As the prevailing party, Defendants request $309,497.50 in fees and $738.00 in costs. Defs.' Reply Ex. 1 at 37, ECF No. 75-1. A calculation of attorneys' fees begins with the lodestar: “the number of hours reasonably expended on the litigation multiplied by a reasonable hourly rate.” Hensley, 461 U.S. at 433; see also Rode v. Dellarciprete, 892 F.2d 1177, 1183 (3d Cir. 1990) (noting the lodestar is presumed to be reasonable). A reasonable hourly rate is calculated according to the prevailing market rates charged by attorneys of equivalent skill and experience performing work of similar complexity in the community. Washington v. Phila. Cnty. Ct. Com. Pl., 89 F.3d 1031, 1035-36 (3d Cir. 1996). The Third Circuit has endorsed the Community Legal Services of Philadelphia (“CLS”) fee schedule as “well developed” and “a fair reflection of the prevailing market rates in Philadelphia.” Maldonado v. Houstoun, 256 F.3d 181, 187-88 (3d Cir. 2001).
The party seeking attorneys' fees bears the burden of establishing the reasonableness of each factor in the lodestar equation with satisfactory evidence, in addition to the attorney's own affidavits.
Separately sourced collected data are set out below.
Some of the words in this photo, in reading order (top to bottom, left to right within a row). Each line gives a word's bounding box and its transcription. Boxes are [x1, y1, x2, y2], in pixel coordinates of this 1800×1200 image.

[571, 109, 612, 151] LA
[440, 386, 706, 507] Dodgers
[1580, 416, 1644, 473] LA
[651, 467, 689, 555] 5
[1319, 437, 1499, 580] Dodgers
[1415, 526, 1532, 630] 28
Washington, 89 F.3d at 1035-36; Rode, 892 F.2d at 1183. The opposing party “then has the burden to challenge, by affidavit or brief with sufficient specificity to give fee applicants notice, the reasonableness of the requested fee.” Rode, 892 F.2d at 1183. The Court cannot “decrease a fee award based on factors not raised at all by the adverse party.” Id. (quoting Bell v. United Princeton Props., Inc., 884 F.2d 713, 720 (3d Cir. 1989)); see also Washington, 89 F.3d at 1036 (“Where . . . the plaintiff has met his prima facie burden under the ‘community market rate' lodestar test, and the opposing party has not produced contradictory evidence, the district court may not exercise its discretion to adjust the requested rate downward.”).
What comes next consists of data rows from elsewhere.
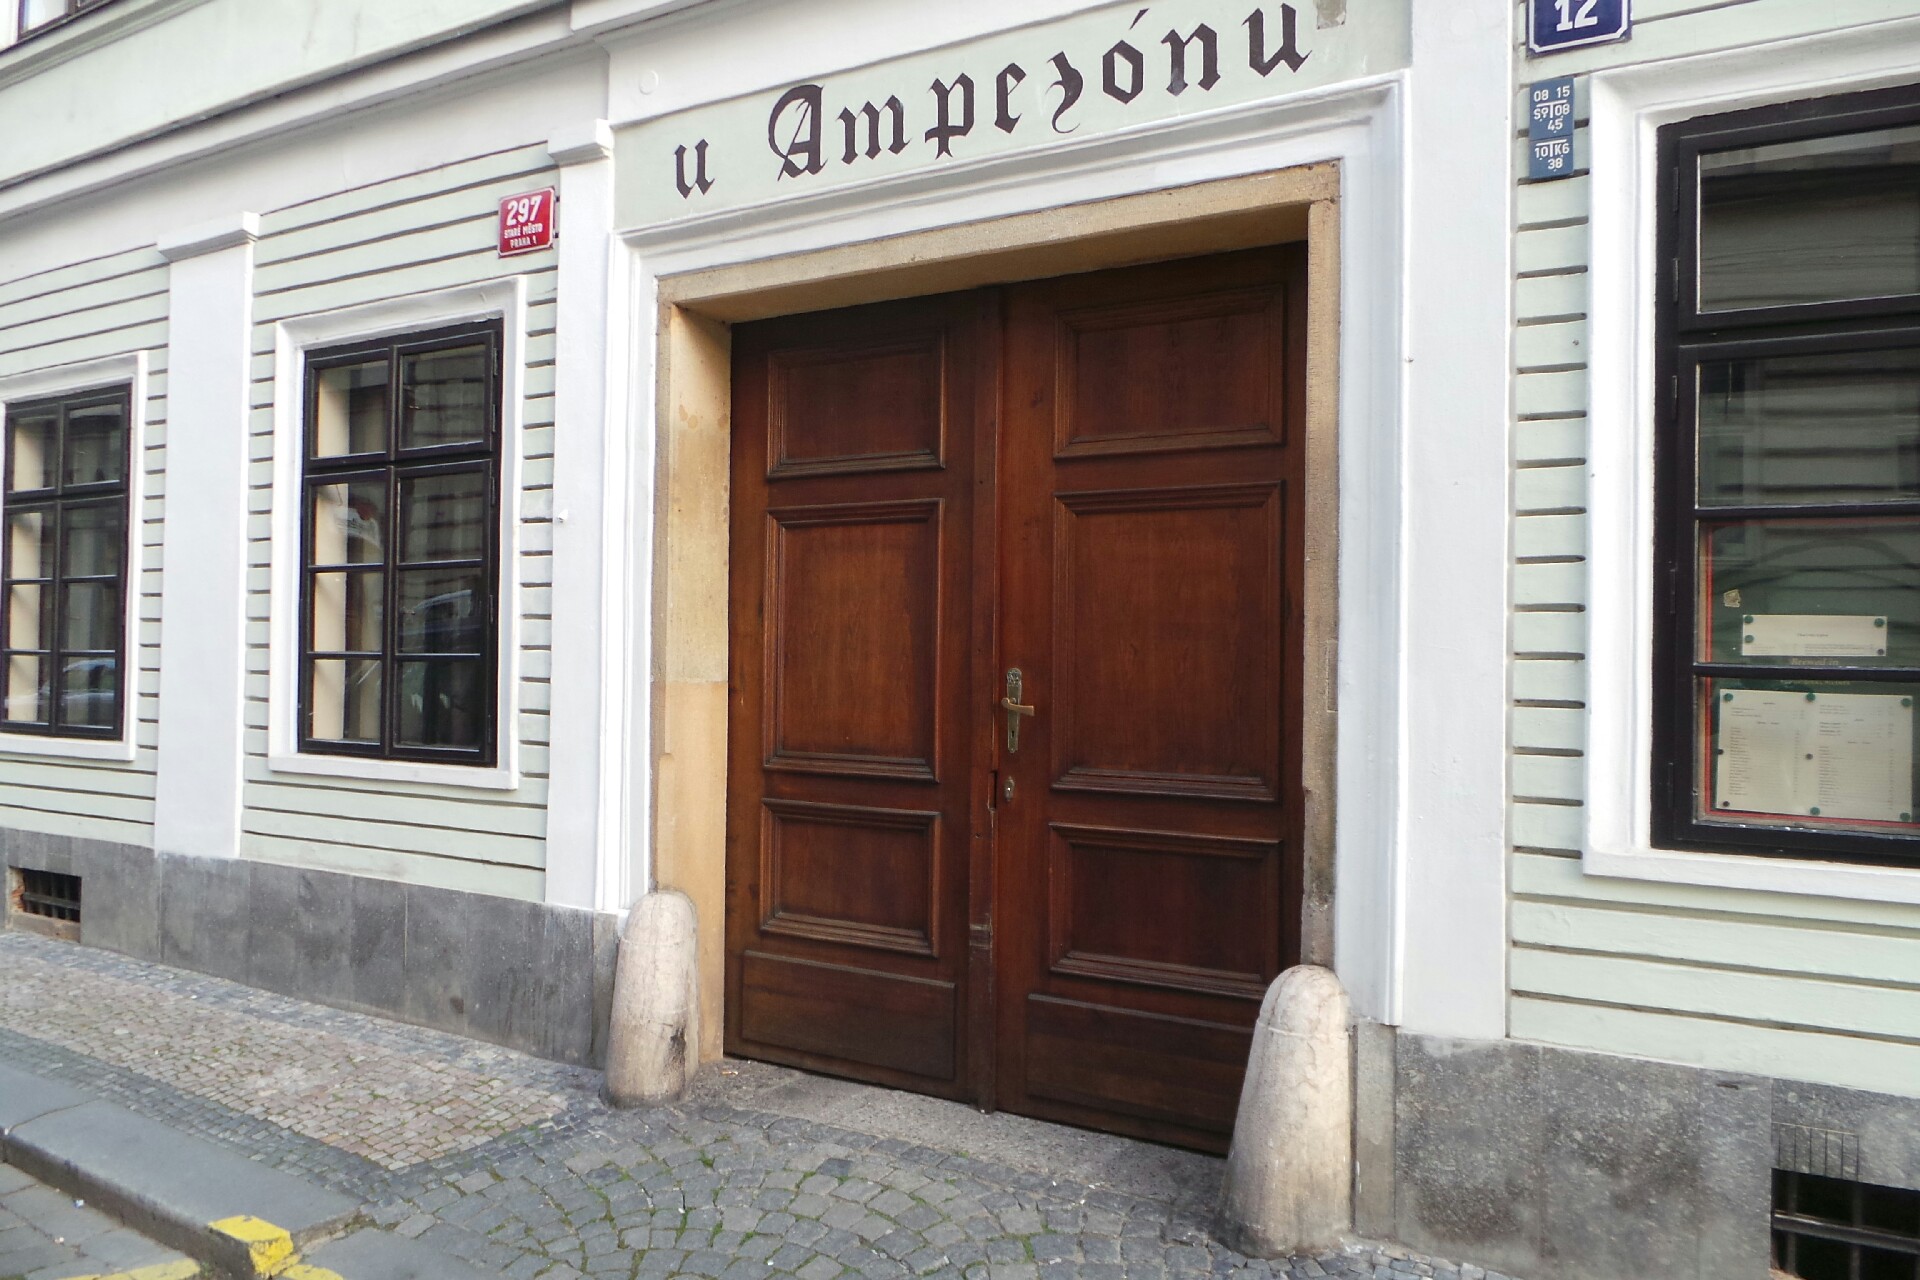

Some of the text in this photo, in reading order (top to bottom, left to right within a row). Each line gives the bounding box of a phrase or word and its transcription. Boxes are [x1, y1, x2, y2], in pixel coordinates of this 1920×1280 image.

[1554, 0, 1598, 32] 12
[674, 2, 1313, 199] u Ampezónu
[1534, 85, 1570, 102] 08 15
[1548, 157, 1563, 170] 38
[506, 195, 542, 226] 297
[510, 235, 537, 248] PRAHA 1
Defendants seek to recover attorneys' fees for a total of 394 hours spent on the case by partner Christine M. Gordon at hourly rates of $360 and $400; 290.2 hours spent by managing partner Scott H. Wolpert at hourly rates of $525 and $550; 13.1 hours spent by associate Kathleen Vermilion at an hourly rate of $275; and 11.4 hours spent by paralegal Patricia Mueller at an hourly rate of $215. Defs.' Reply Ex. 1 at 37, ECF No. 75-1. In support of their fee request, Defendants' counsel have submitted detailed billing records which set forth a chronological list of the tasks performed by each member of the defense team and the time spent on those tasks, a chart of the total number of hours and fees attributable to each person, biographies of each person, and multiple affidavits on the reasonableness of the requested fees. See id.; see also Defs.' Mot. for Award of Attorneys' Fees and Costs Exs. 2-6, ECF No. 64. Because Lab Charter has not challenged the reasonableness of defense counsel's hourly rates and those rates are consistent with those suggested by the CLS fee schedule, the Court accepts the Defendants' proposed rates.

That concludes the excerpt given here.